Your objective: Leave every picture behind and copy the rest of the entries below exactly.

Input records:
════
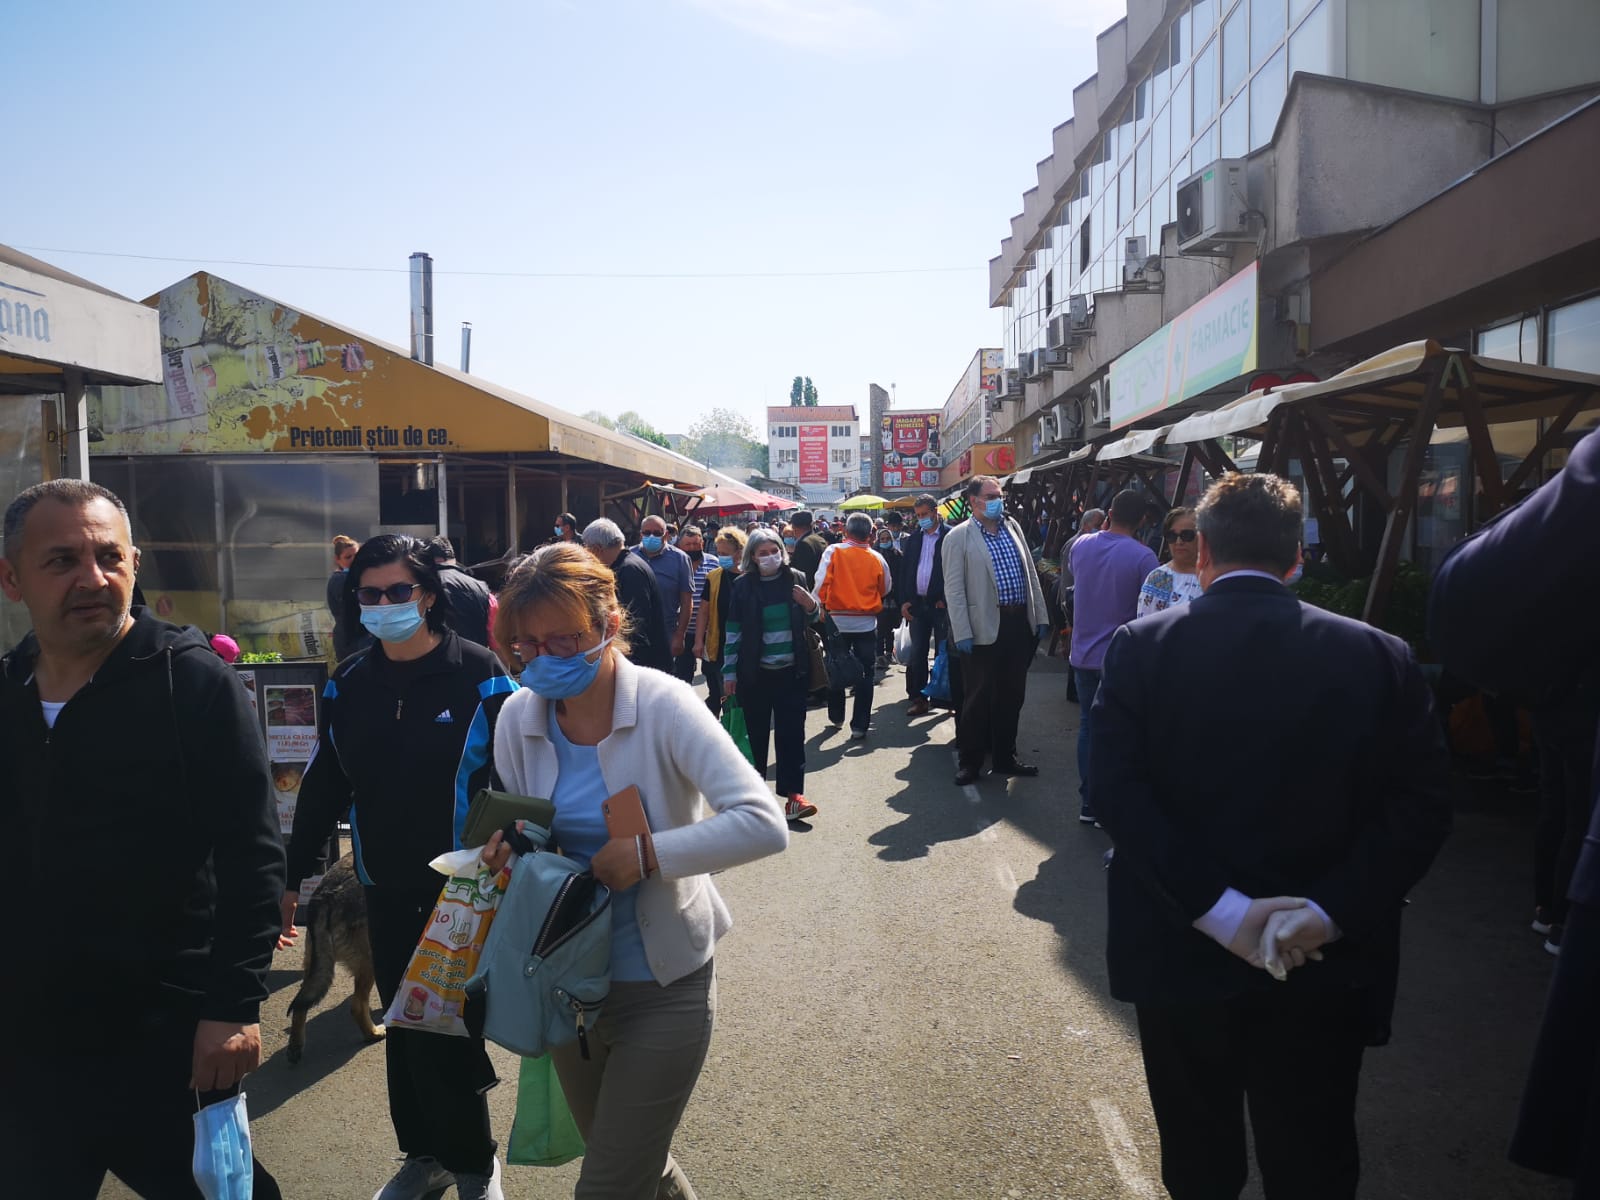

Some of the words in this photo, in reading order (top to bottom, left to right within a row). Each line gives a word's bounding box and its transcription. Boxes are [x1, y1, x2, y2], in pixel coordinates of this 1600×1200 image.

[1191, 297, 1249, 358] FARMACIE
[290, 426, 363, 447] Prietenii
[366, 426, 399, 450] știu
[402, 425, 423, 446] de
[427, 427, 454, 446] ce.
════
Solution for this problem:
Some of the words in this photo, in reading order (top to bottom, left to right within a row). Each line gives a word's bounding box and its transcription. Boxes are [x1, y1, x2, y2], in pixel coordinates of this 1600×1200 image.

[1191, 297, 1249, 358] FARMACIE
[290, 426, 363, 447] Prietenii
[366, 426, 399, 450] știu
[402, 425, 423, 446] de
[427, 427, 454, 446] ce.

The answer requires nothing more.